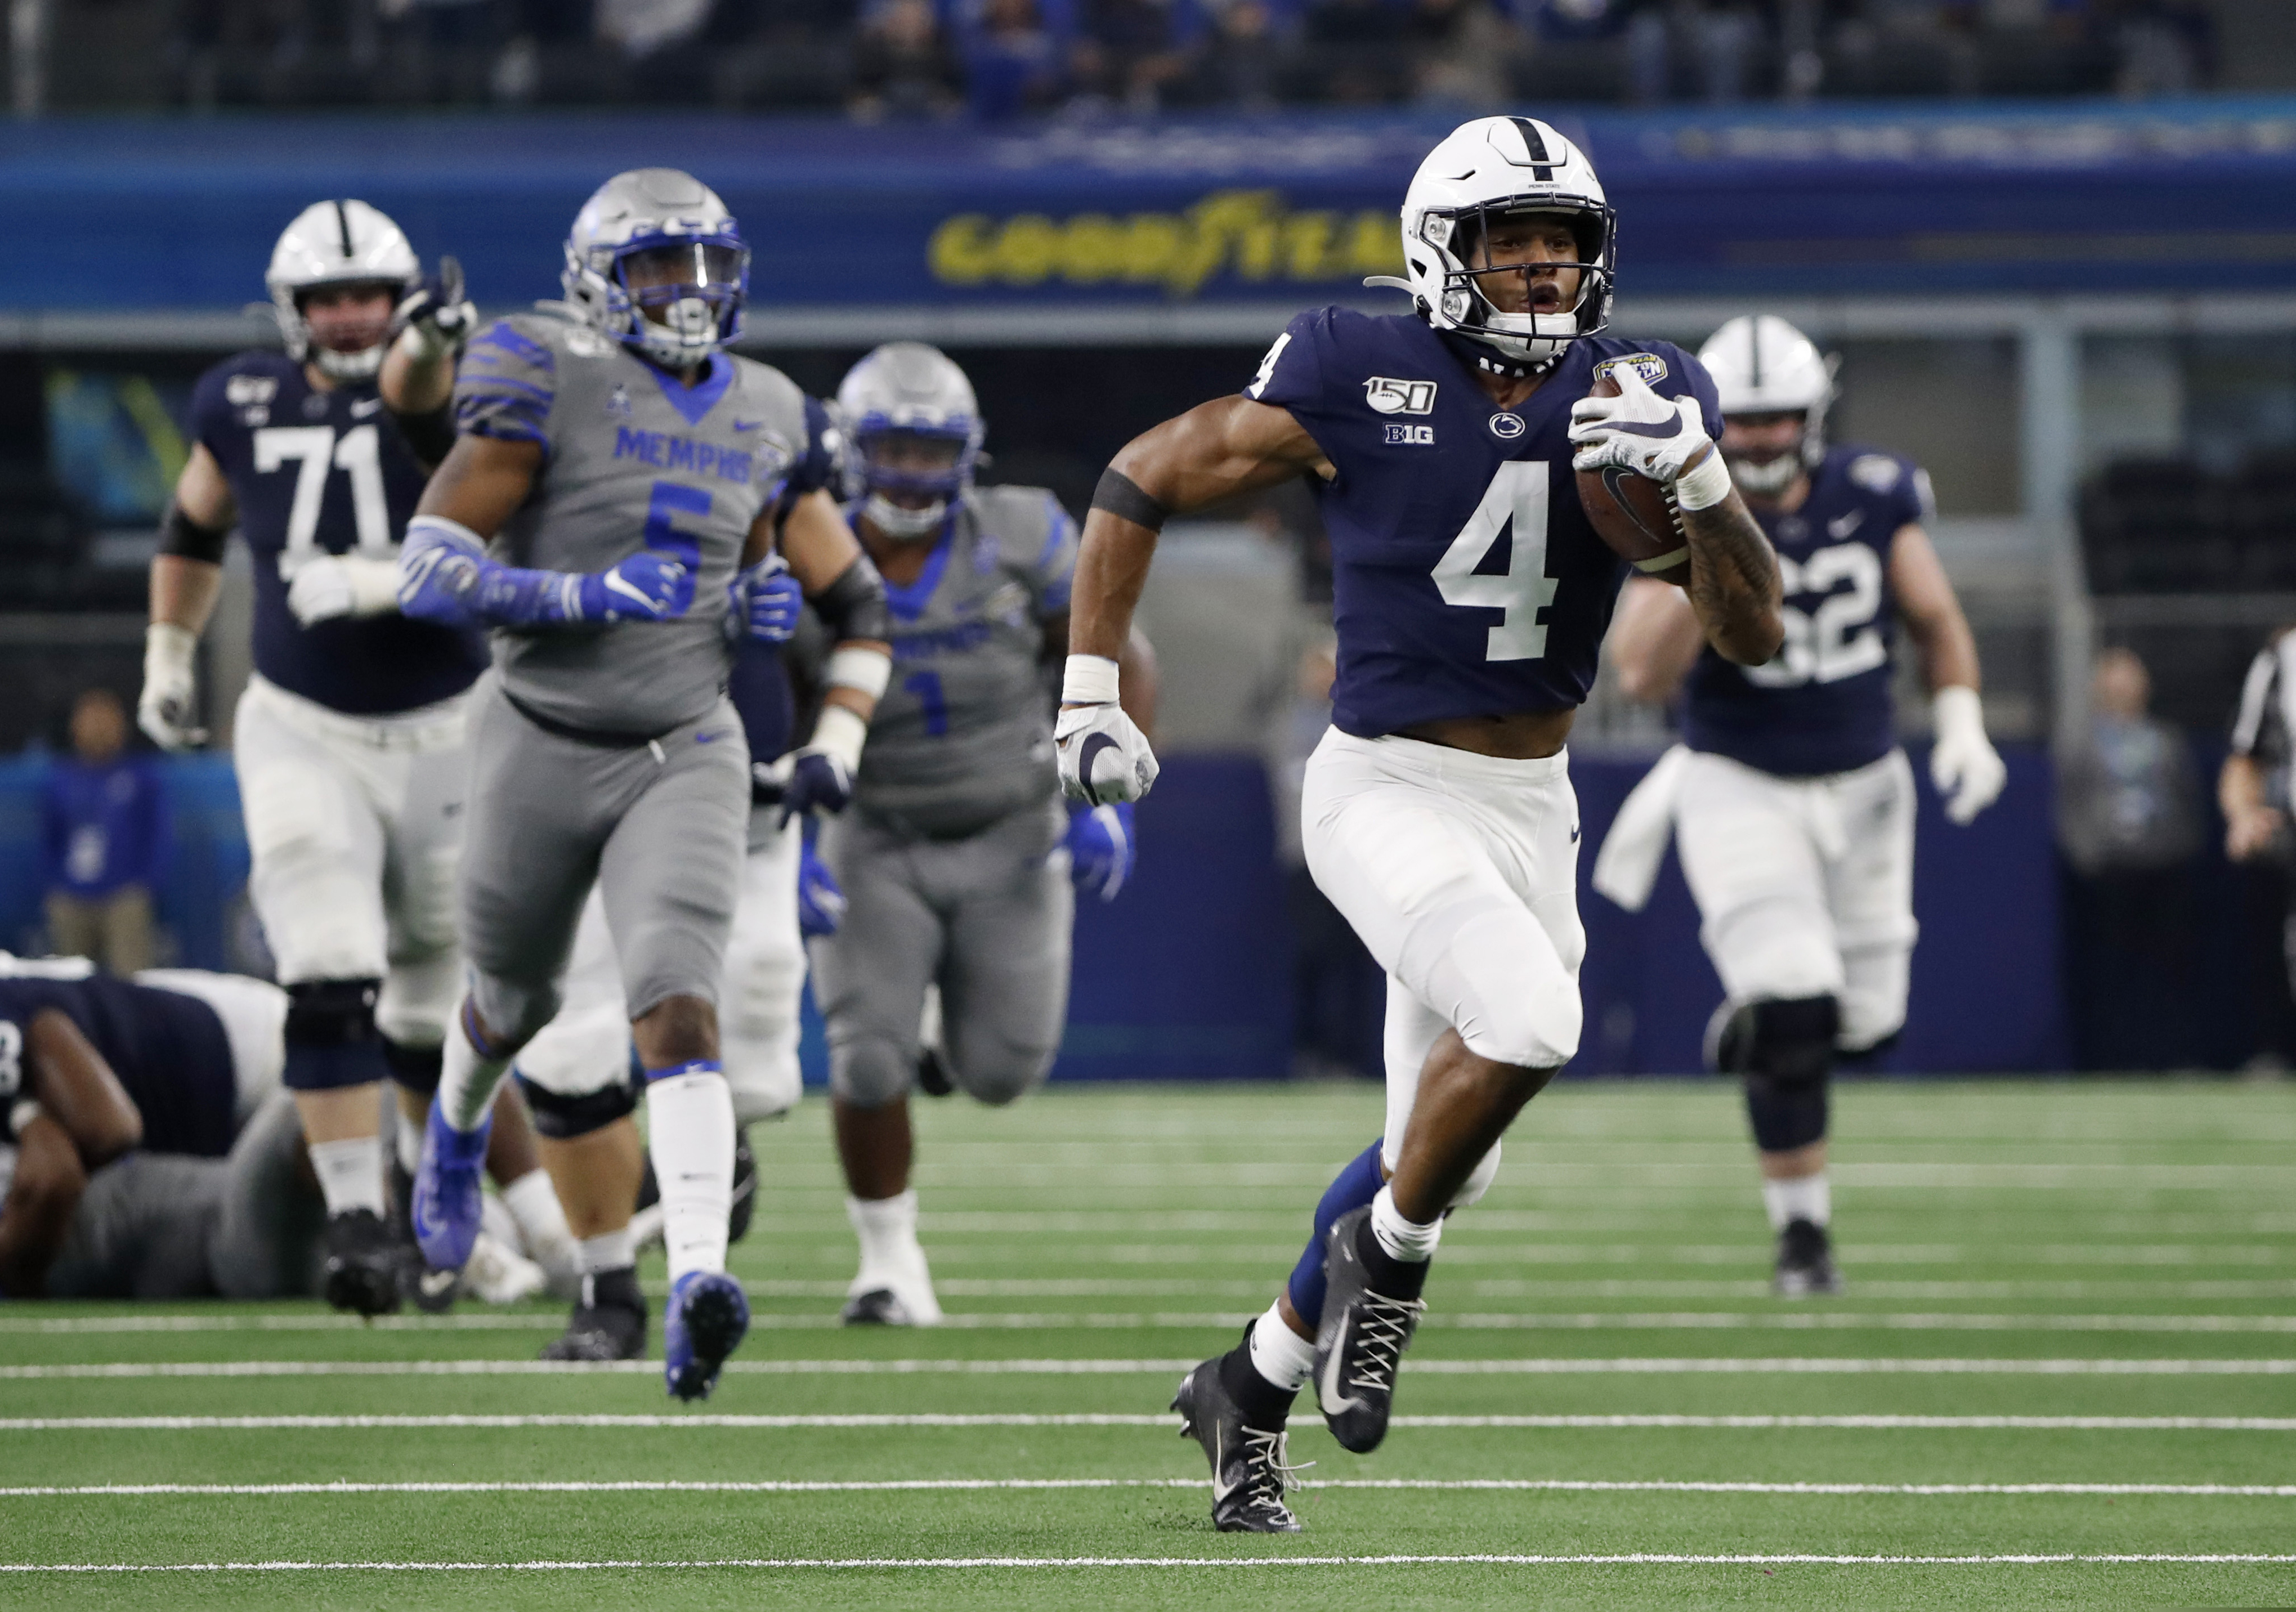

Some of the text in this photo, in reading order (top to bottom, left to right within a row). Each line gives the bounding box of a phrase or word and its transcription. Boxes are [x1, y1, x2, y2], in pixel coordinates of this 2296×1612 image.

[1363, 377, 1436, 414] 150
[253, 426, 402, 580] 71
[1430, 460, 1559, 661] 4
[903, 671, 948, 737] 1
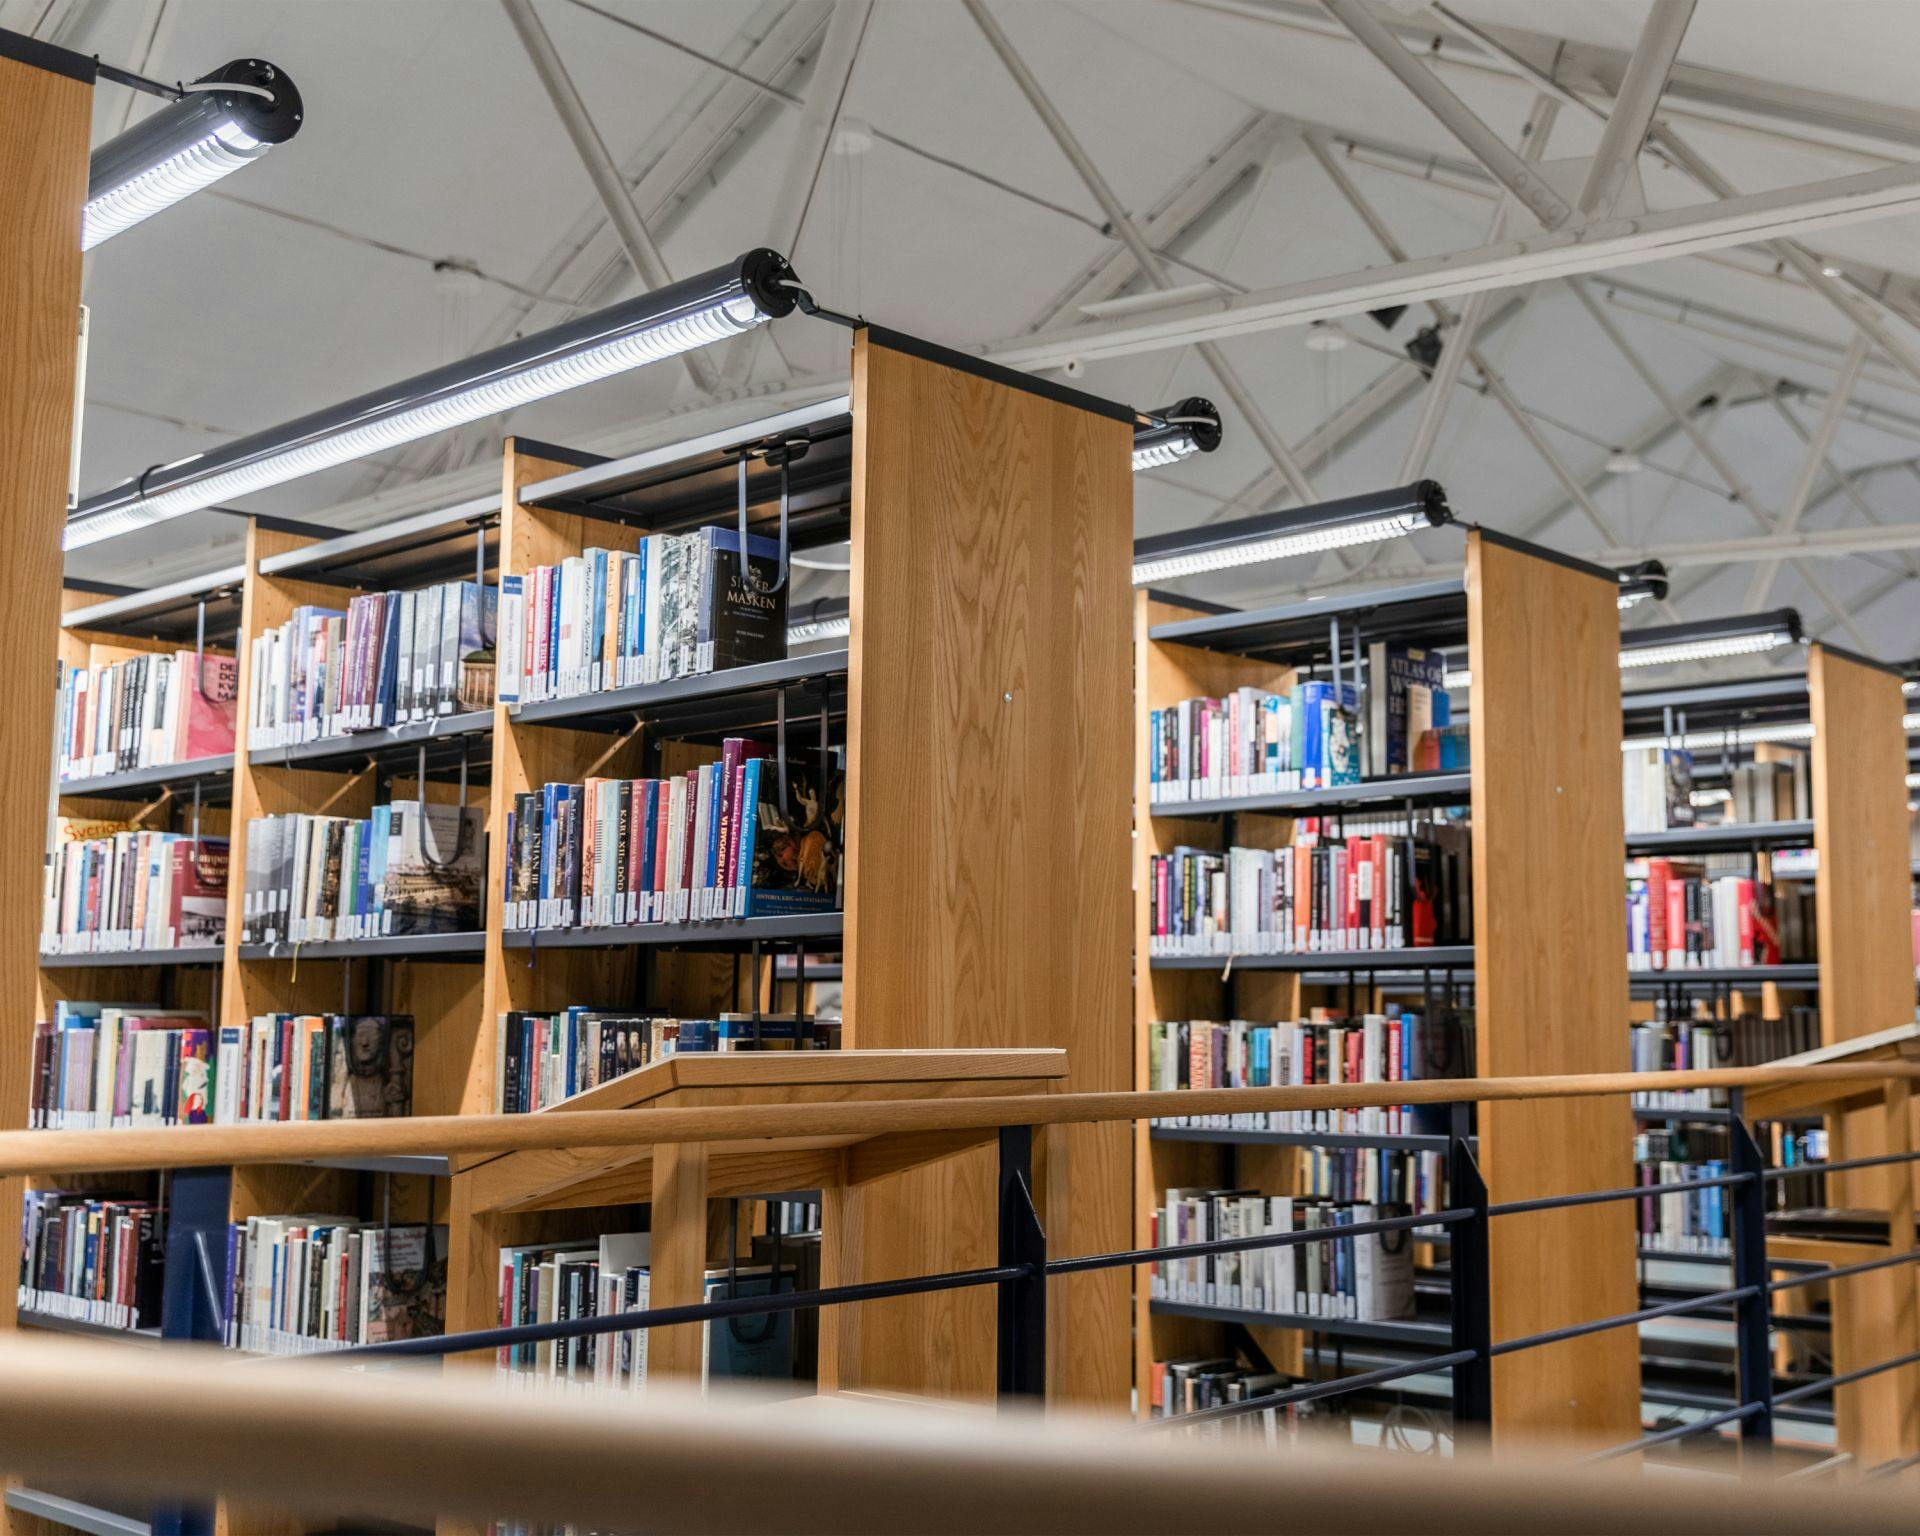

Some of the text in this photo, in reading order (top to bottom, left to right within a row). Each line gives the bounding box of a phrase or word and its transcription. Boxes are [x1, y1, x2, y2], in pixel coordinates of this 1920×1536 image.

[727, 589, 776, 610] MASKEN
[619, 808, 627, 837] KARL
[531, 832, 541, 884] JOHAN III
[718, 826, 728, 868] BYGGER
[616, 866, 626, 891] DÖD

* * * * *

- _Action item_: Please repeat every record exactly as it stands, leaving out any pictures.

- _Solved exercise_:
Some of the text in this photo, in reading order (top to bottom, left to right within a row). Each line gives the bounding box of a phrase or word and its transcription. Boxes are [x1, y1, x2, y2], in pixel coordinates of this 2296×1612 image.

[1363, 377, 1436, 414] 150
[253, 426, 402, 580] 71
[1430, 460, 1559, 661] 4
[903, 671, 948, 737] 1

Some of the text in this photo, in reading order (top to bottom, left to right within a row). Each line gives the bounding box of a phrase or word and its transcription. Boxes are [x1, y1, x2, y2], in pixel coordinates of this 1920×1536 image.

[727, 589, 776, 610] MASKEN
[619, 808, 627, 837] KARL
[531, 832, 541, 884] JOHAN III
[718, 826, 728, 868] BYGGER
[616, 866, 626, 891] DÖD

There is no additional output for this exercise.